====== Data shown ======
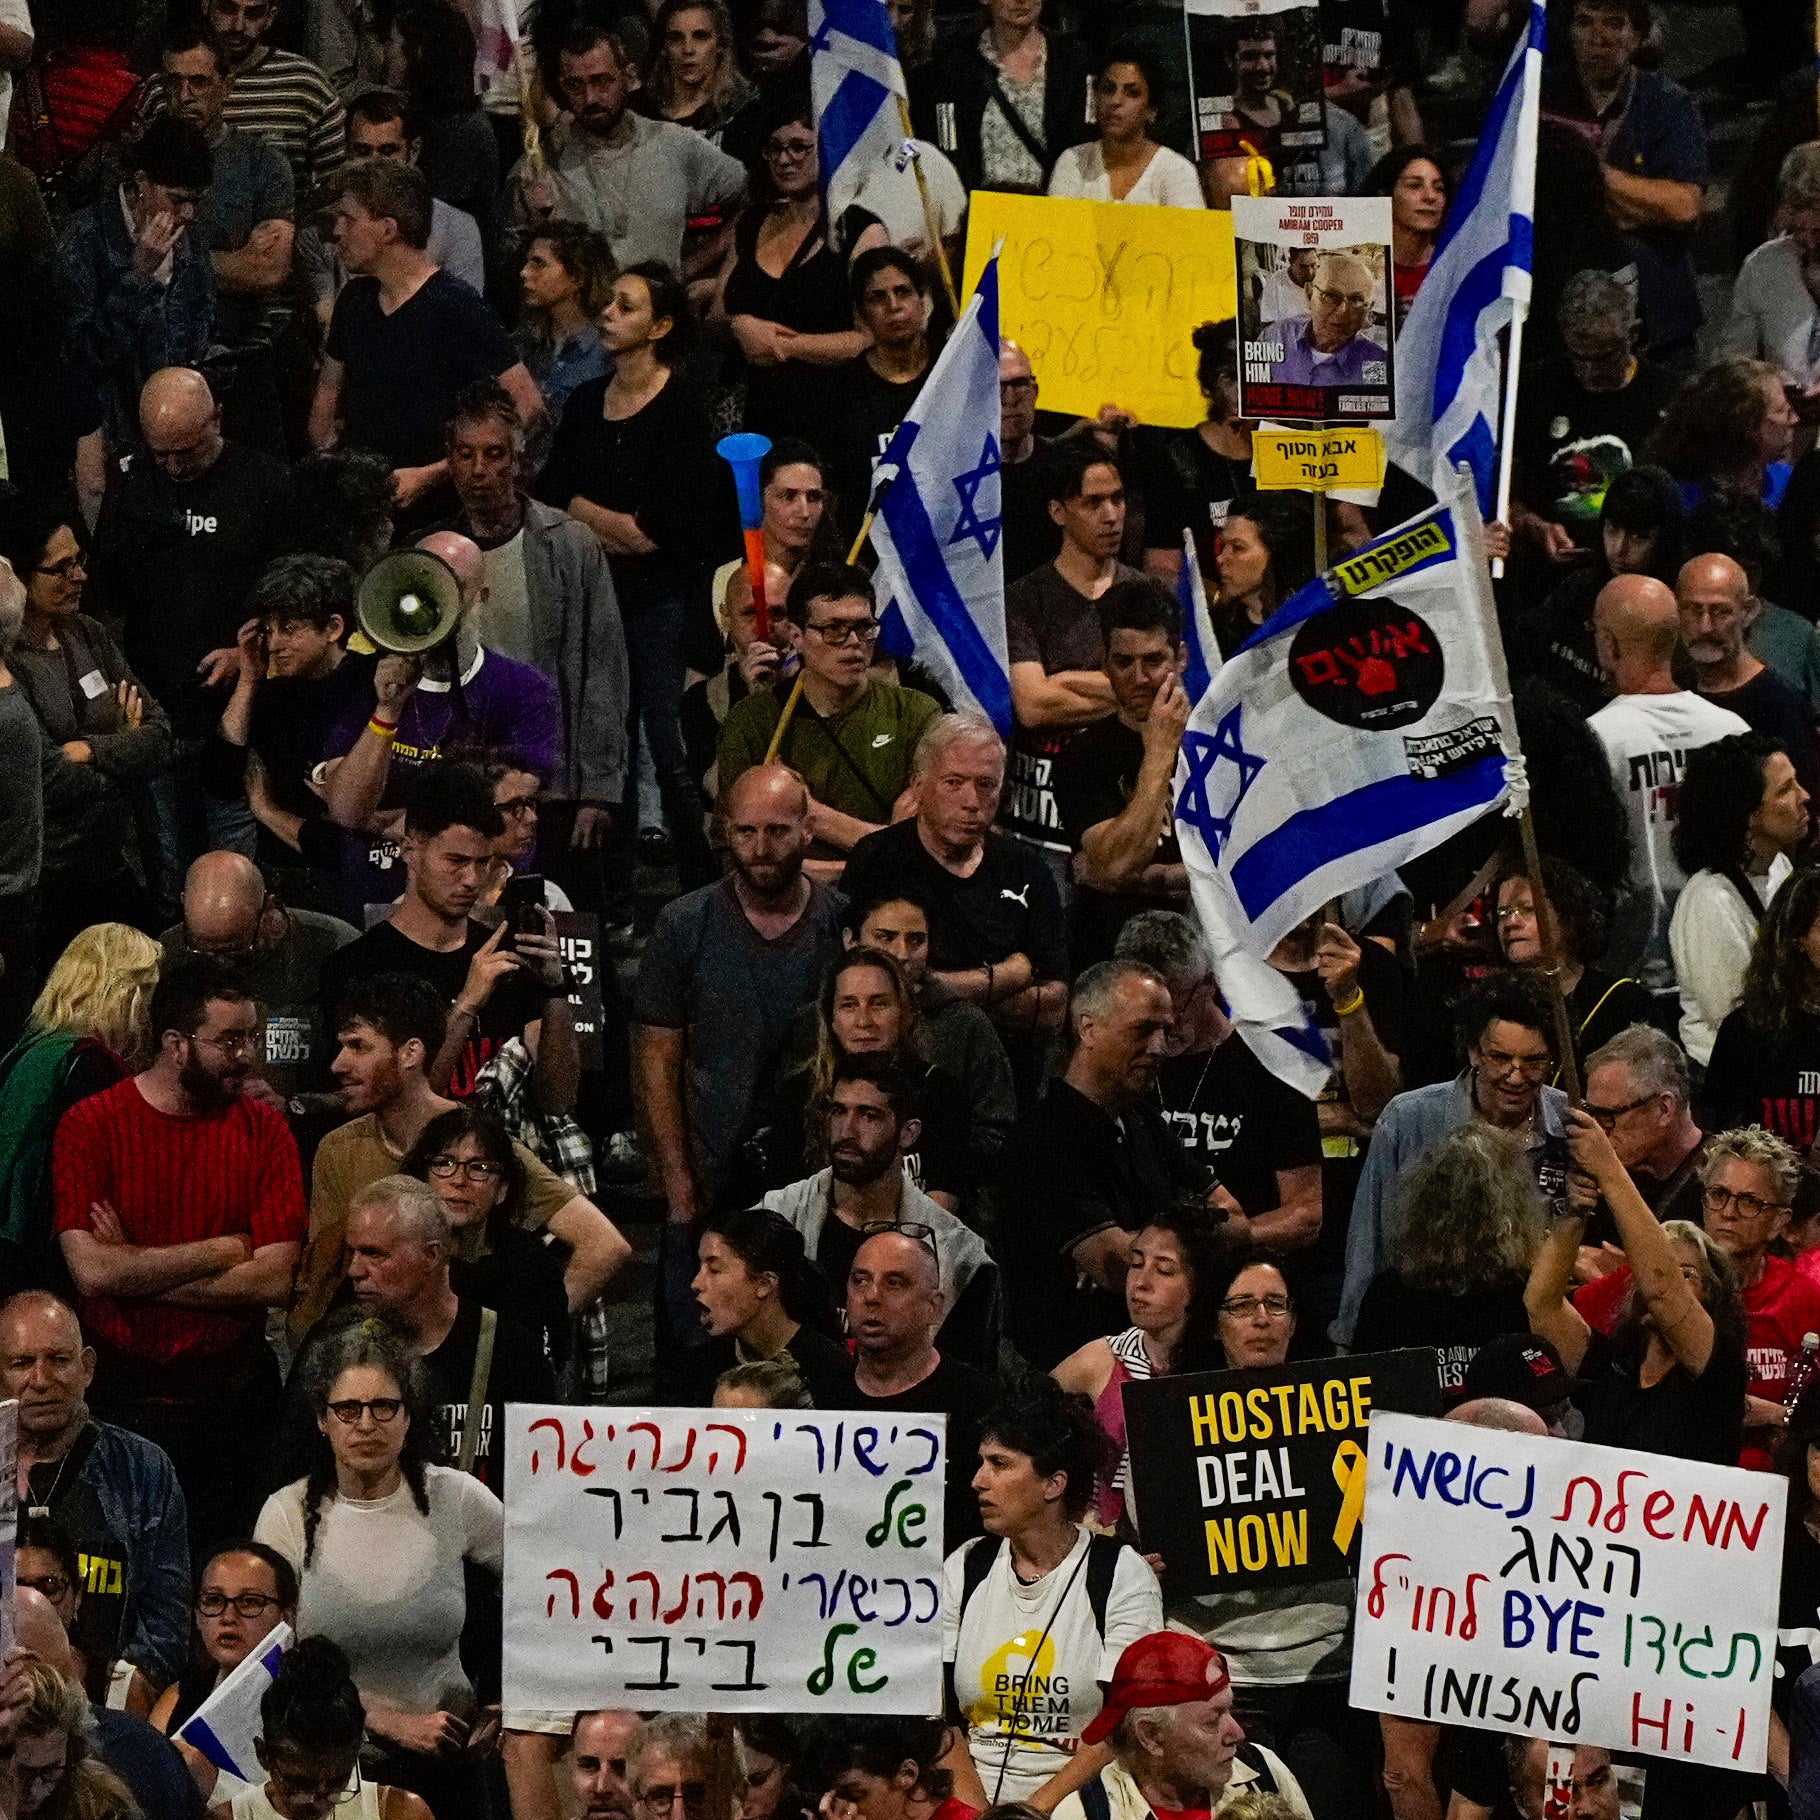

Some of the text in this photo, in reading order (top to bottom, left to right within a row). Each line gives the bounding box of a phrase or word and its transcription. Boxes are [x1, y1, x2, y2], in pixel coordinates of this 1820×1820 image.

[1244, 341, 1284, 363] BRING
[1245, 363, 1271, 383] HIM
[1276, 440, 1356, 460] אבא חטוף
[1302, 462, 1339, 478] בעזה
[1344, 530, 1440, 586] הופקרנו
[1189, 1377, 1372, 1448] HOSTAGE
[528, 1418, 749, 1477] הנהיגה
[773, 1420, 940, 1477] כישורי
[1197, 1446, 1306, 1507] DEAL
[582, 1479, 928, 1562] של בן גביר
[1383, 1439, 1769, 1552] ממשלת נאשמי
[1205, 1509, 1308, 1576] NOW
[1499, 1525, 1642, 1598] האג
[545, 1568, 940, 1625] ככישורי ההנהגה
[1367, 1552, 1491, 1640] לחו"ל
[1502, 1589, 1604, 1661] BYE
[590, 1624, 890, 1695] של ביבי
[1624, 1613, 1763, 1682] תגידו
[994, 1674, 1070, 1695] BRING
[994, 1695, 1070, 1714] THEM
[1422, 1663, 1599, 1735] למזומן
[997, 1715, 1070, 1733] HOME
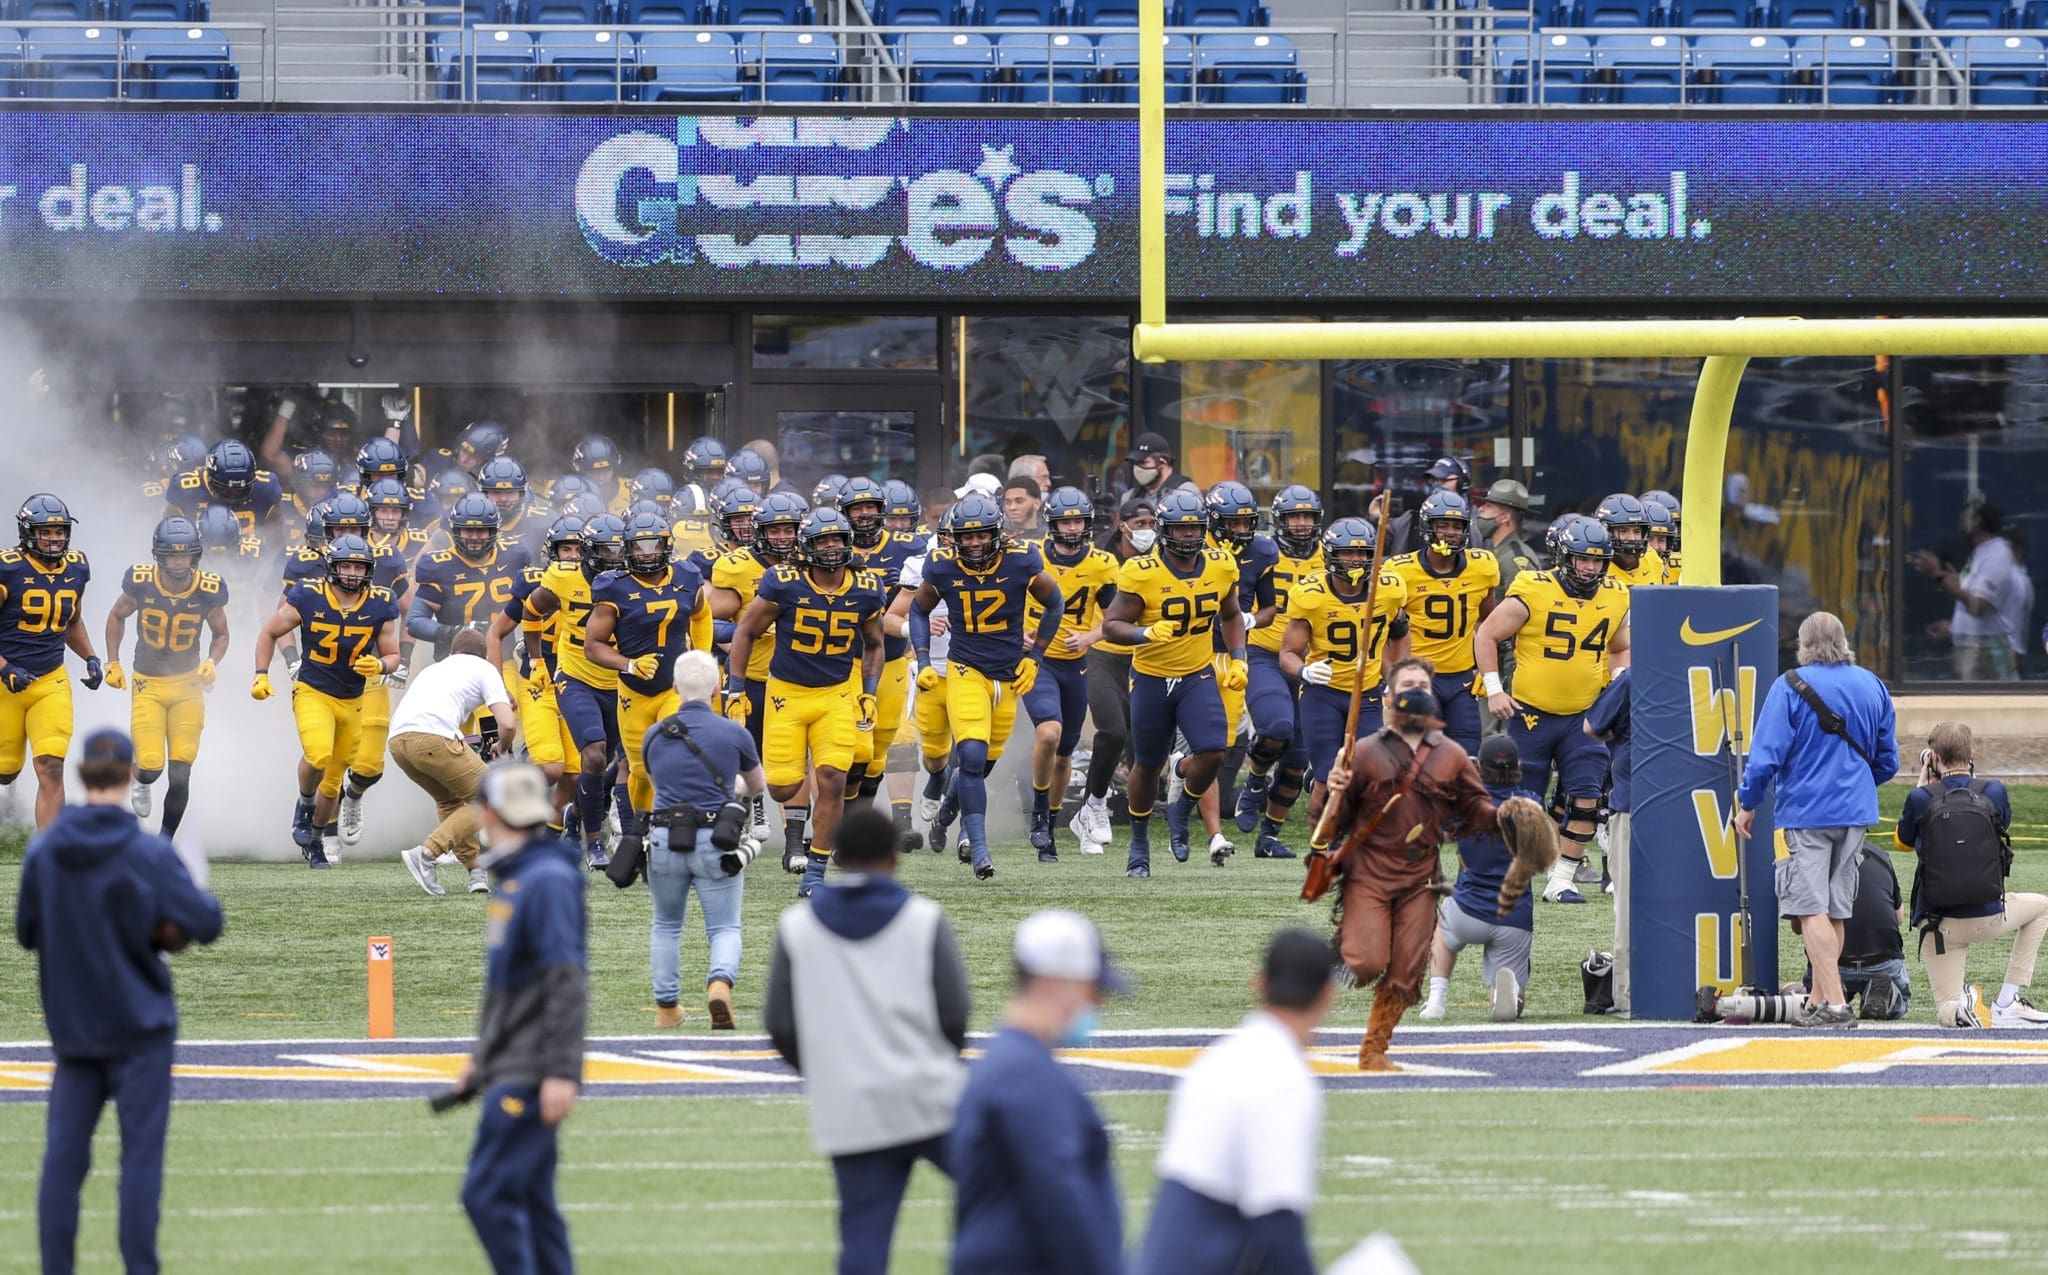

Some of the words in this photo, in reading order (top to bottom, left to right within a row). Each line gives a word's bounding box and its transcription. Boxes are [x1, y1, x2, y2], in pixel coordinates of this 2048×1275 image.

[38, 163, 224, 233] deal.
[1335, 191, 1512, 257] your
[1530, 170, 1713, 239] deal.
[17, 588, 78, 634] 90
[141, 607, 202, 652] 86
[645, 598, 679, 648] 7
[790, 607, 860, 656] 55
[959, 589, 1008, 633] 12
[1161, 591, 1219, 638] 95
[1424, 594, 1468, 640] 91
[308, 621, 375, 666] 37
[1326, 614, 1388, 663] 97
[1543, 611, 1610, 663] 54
======
#### What is expected
Give back the listing word for word, minus its images.

#### Solution to this exercise
Some of the text in this photo, in reading order (top to bottom, left to right within a row). Each line gives the bounding box of a phrase or word and its transcription. Boxes are [x1, y1, x2, y2], in pixel coordinates of this 1820×1820 image.

[1244, 341, 1284, 363] BRING
[1245, 363, 1271, 383] HIM
[1276, 440, 1356, 460] אבא חטוף
[1302, 462, 1339, 478] בעזה
[1344, 530, 1440, 586] הופקרנו
[1189, 1377, 1372, 1448] HOSTAGE
[528, 1418, 749, 1477] הנהיגה
[773, 1420, 940, 1477] כישורי
[1197, 1446, 1306, 1507] DEAL
[582, 1479, 928, 1562] של בן גביר
[1383, 1439, 1769, 1552] ממשלת נאשמי
[1205, 1509, 1308, 1576] NOW
[1499, 1525, 1642, 1598] האג
[545, 1568, 940, 1625] ככישורי ההנהגה
[1367, 1552, 1491, 1640] לחו"ל
[1502, 1589, 1604, 1661] BYE
[590, 1624, 890, 1695] של ביבי
[1624, 1613, 1763, 1682] תגידו
[994, 1674, 1070, 1695] BRING
[994, 1695, 1070, 1714] THEM
[1422, 1663, 1599, 1735] למזומן
[997, 1715, 1070, 1733] HOME

Some of the words in this photo, in reading order (top to bottom, left to right within a row). Each line gives a word's bounding box and its transcription. Boxes are [x1, y1, x2, y2], in pixel coordinates of this 2048×1275 image.

[38, 163, 224, 233] deal.
[1335, 191, 1512, 257] your
[1530, 170, 1713, 239] deal.
[17, 588, 78, 634] 90
[141, 607, 202, 652] 86
[645, 598, 679, 648] 7
[790, 607, 860, 656] 55
[959, 589, 1008, 633] 12
[1161, 591, 1219, 638] 95
[1424, 594, 1468, 640] 91
[308, 621, 375, 666] 37
[1326, 614, 1388, 663] 97
[1543, 611, 1610, 663] 54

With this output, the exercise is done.